--- Exercise inputs Enclosed Below ---

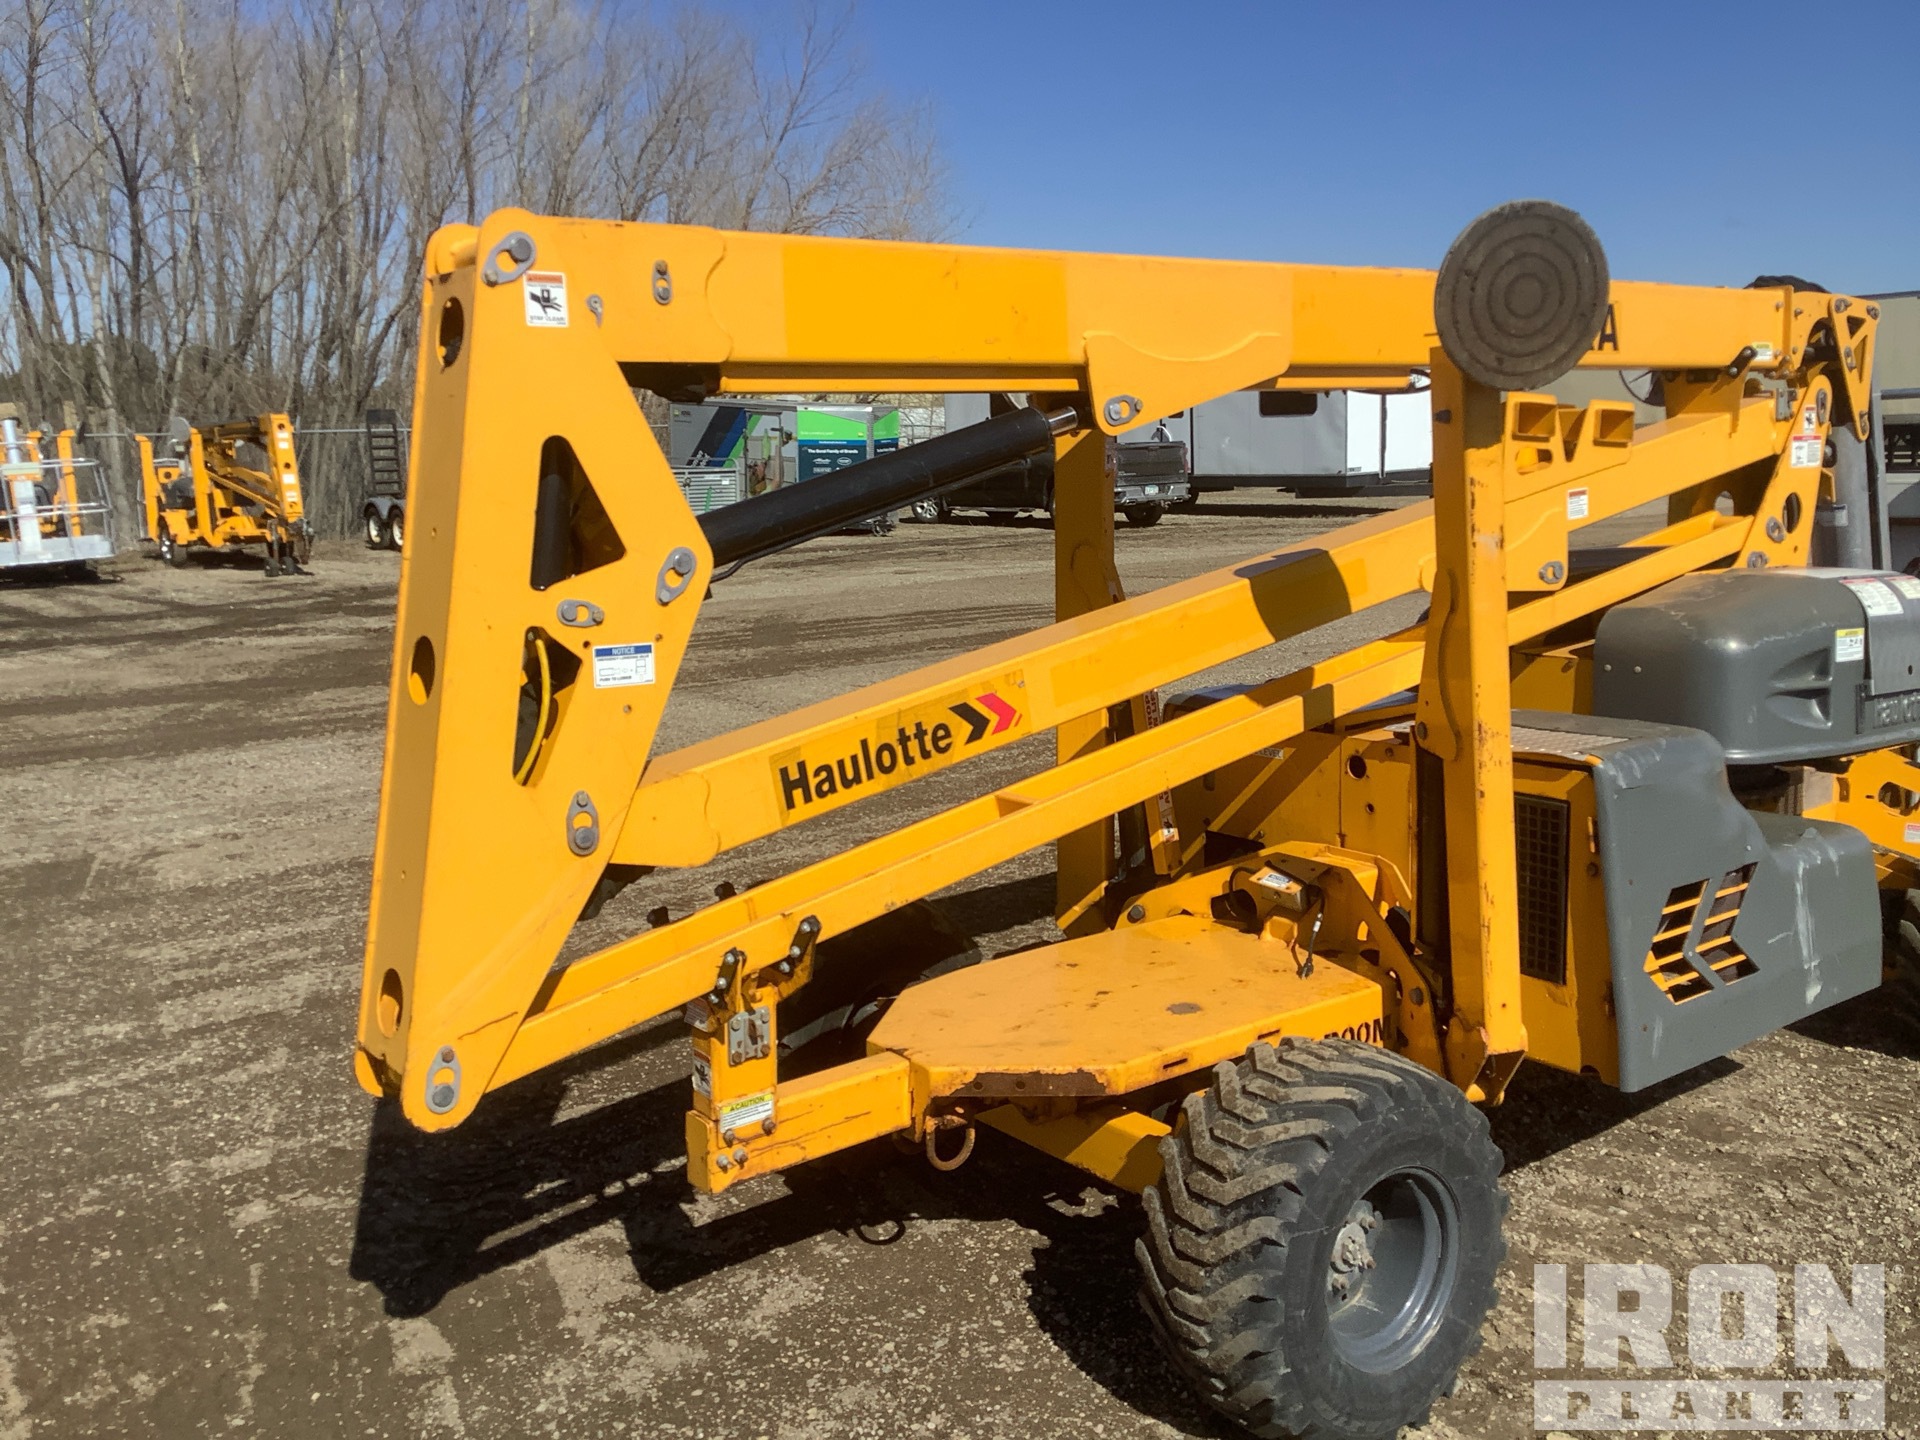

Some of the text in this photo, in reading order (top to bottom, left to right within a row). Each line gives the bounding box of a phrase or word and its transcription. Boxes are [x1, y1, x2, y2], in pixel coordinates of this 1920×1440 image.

[1591, 304, 1619, 351] A
[611, 646, 635, 656] NOTICE
[1144, 694, 1153, 727] ROP
[778, 721, 953, 812] Haulotte
[1323, 1016, 1392, 1043] OOM
[735, 1095, 765, 1109] CAUTION

--- End of Enclosed Exercise inputs ---

[What you have to do]
Write each entry again exactly, minus any images.

[Response area]
Some of the text in this photo, in reading order (top to bottom, left to right within a row). Each line gives the bounding box of a phrase or word and its transcription. Boxes are [x1, y1, x2, y2], in pixel coordinates of this 1920×1440 image.

[1591, 304, 1619, 351] A
[611, 646, 635, 656] NOTICE
[1144, 694, 1153, 727] ROP
[778, 721, 953, 812] Haulotte
[1323, 1016, 1392, 1043] OOM
[735, 1095, 765, 1109] CAUTION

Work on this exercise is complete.